I'm wondering how different firms across the country handle and regard professional licensure - did your firm do anything for you regarding the test or were you on your own?

examples - reimbursing exam fees, giving PTO, providing study materials, reimbursing travel costs, etc. 

I'm trying to get the policy at my company changed (they pay you the day that you take it but no reimbursement of out-of-pocket costs) and I'm interested in feedback as to what the typical situation for most engineers is.


----------



## Lomarandil (Dec 14, 2016)

I've seen the gamut. (It mostly seems to depend on what the company's expectation is for you after you become licensed)

When I took the PE, I was working for a general contractor (their in-house engineering department). They were mildly unsupportive of young engineers taking the PE -- especially "early" in California as I did. Didn't want to have to increase rates accordingly. No support other than PTO for the day of the exam (and even that was difficult to hold them to after the fact).

My current company (consulting firm) is very supportive of licensure -- they'll cover exam fees, study materials and travel costs, and PTO for the day of the test -- all up front. I don't know whether they'd cover a review class -- I don't think anyone has approached them with that.

I've heard it's not uncommon that a company will withhold reimbursing any costs until the engineer passes the exam and actually gets their stamp.


----------



## ruggercsc (Dec 15, 2016)

My company is supportive.  They paid test fees, all updated code books (including CERM), paid for one review course, and allowed me to take time off with pay for the exam.  They will  pay for license fees in your home state as a baseline (they will pay for other states if necessary).

Note:  As for the review course, they paid for the MGI PE Review course which was my initial choice and which I found completely worthless, so I paid for School of PE out of pocket.  They probably would have paid for School of PE if that was my initial choice.

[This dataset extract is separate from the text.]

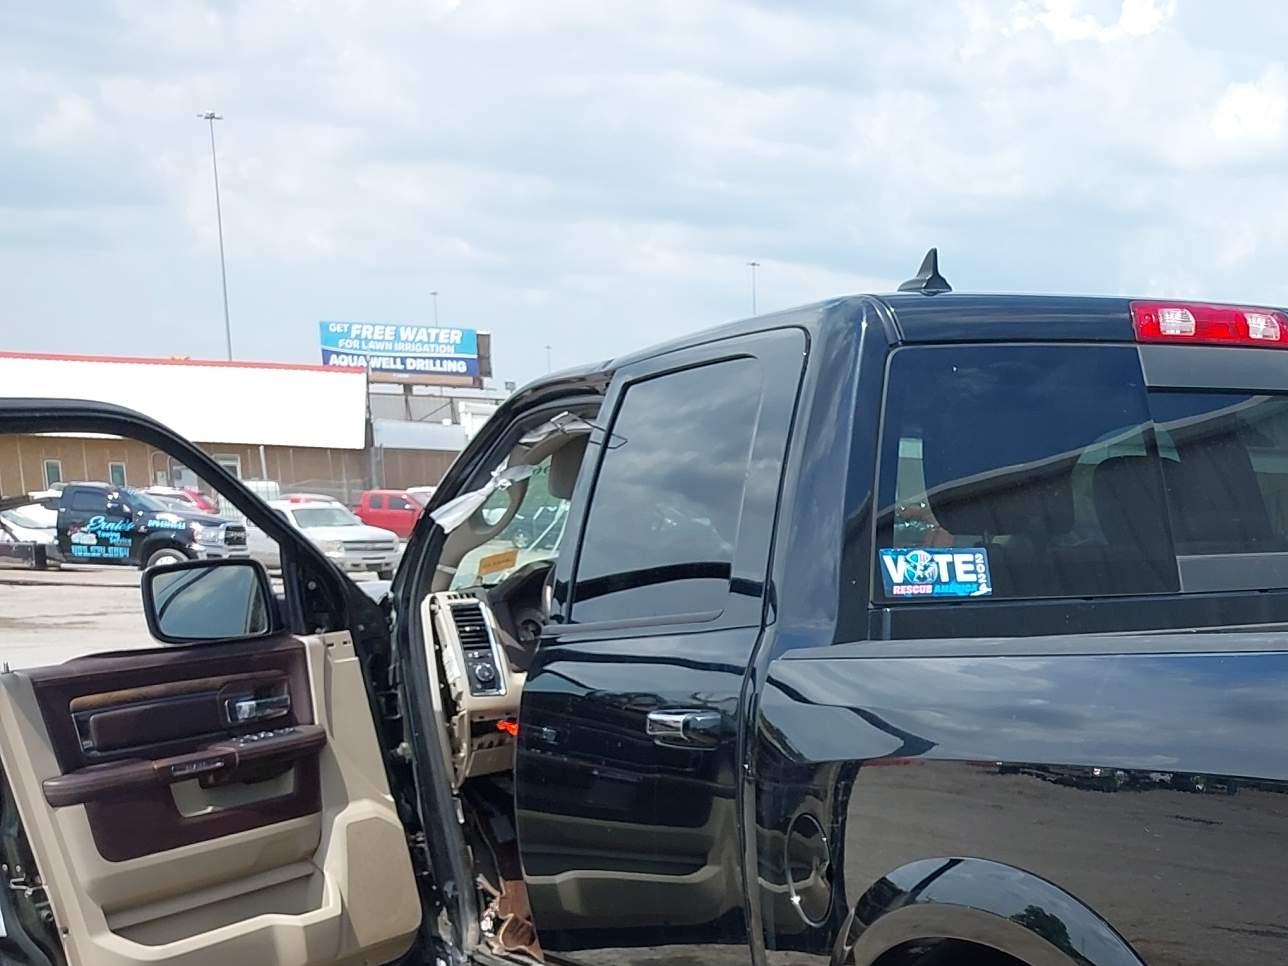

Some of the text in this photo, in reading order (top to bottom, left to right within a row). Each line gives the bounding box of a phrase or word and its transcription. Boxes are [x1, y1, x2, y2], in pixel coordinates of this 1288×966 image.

[329, 323, 463, 344] GET FREE WATER
[338, 339, 455, 354] FOR LAWN IRRIGATION
[329, 354, 468, 373] AQUA WELL DRILLING
[893, 584, 933, 595] RESCUE
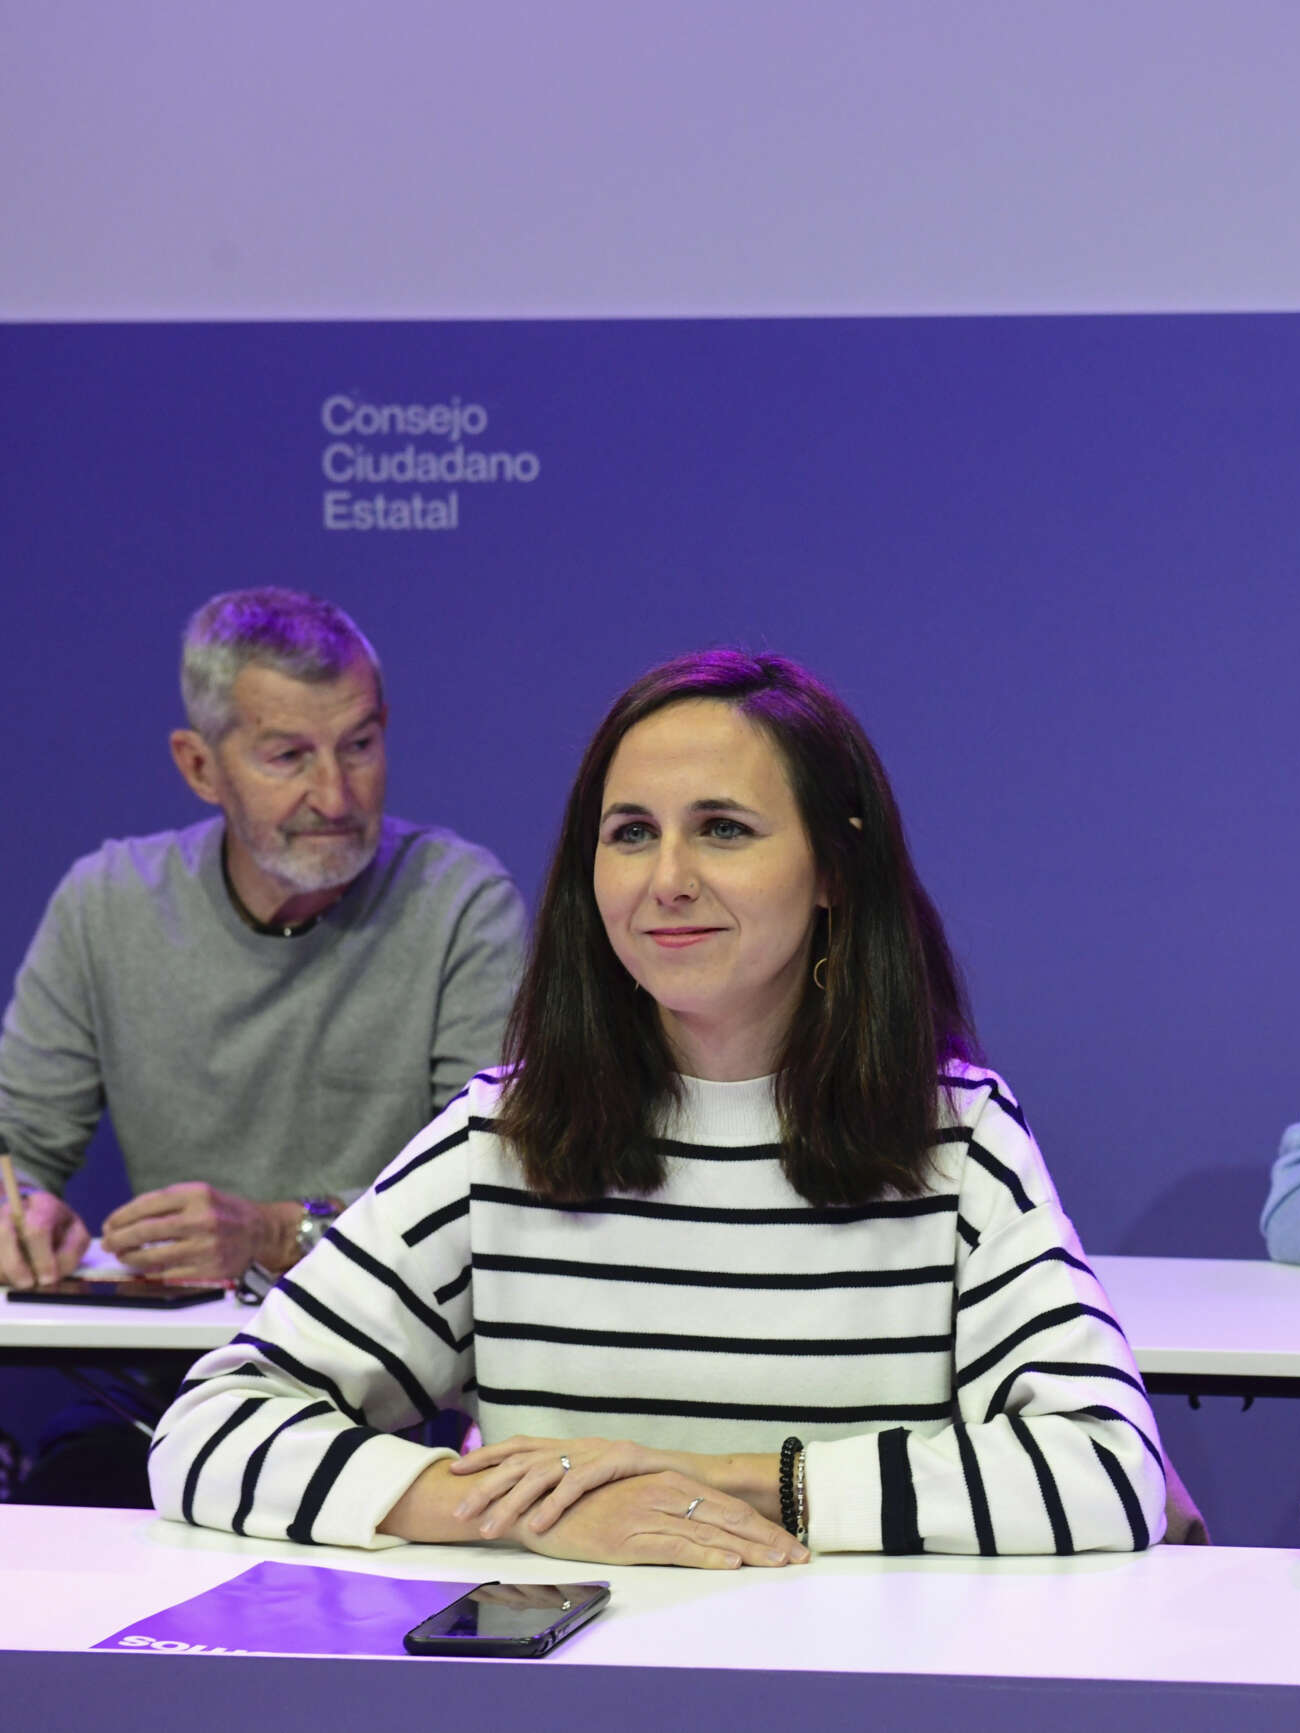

As a general rule, my company will pay for the initial test fee, but if you do not pass you have to pay any retest fee's.  We were big on LEED AP credentials awhile back and a lot of people who failed the initial test complained about having to pay for the retest fee out of pocket.

BTW, I have 3.5 architects (one has passed all the test but is still trying to get her license) that report to me.  Their licensure process is a complete nightmare compared to ours.


----------



## Tumeric98 (Dec 15, 2016)

PE licensure is not required, but it is supported by my company as part of our career and technical development. We get covered for our first license (all books, training, registration and test fees), but additional licenses are only covered if required for the business (usually no).

When I did my Mechanical PE I got books, registration, mileage and renewal fees covered, total $2400.  For my Civil PE I paid out of pocket $3300 since it's not needed for our work .


----------



## Voomie (Dec 15, 2016)

My employer covered all costs including a review course. They are dragging their feet on bumping up my pay and promoting me.

Sent from my SM-G930V using Tapatalk


----------



## starquest (Dec 15, 2016)

My company would NOT pay for a thing; exam fees, prep material, travel, PTO....nothing.   Although they were supportive during the prep phase by understanding that my ability to put in OT was limited and gave me no issue when taking PTO, as required.  

I passed the test in April and had my license number by mid May (ME).  Just this week I received my merit increase; not much more than standard of living.    However obtaining the PE has opened up communication with a Manager in another department which shall hopefully lead to a new opportunity within the company this coming year.  All in all, this was a personal venture for me and was well worth the cost and effort.


----------



## TWJ PE (Dec 16, 2016)

Tumeric98 said:


> PE licensure is not required, but it is supported by my company as part of our career and technical development.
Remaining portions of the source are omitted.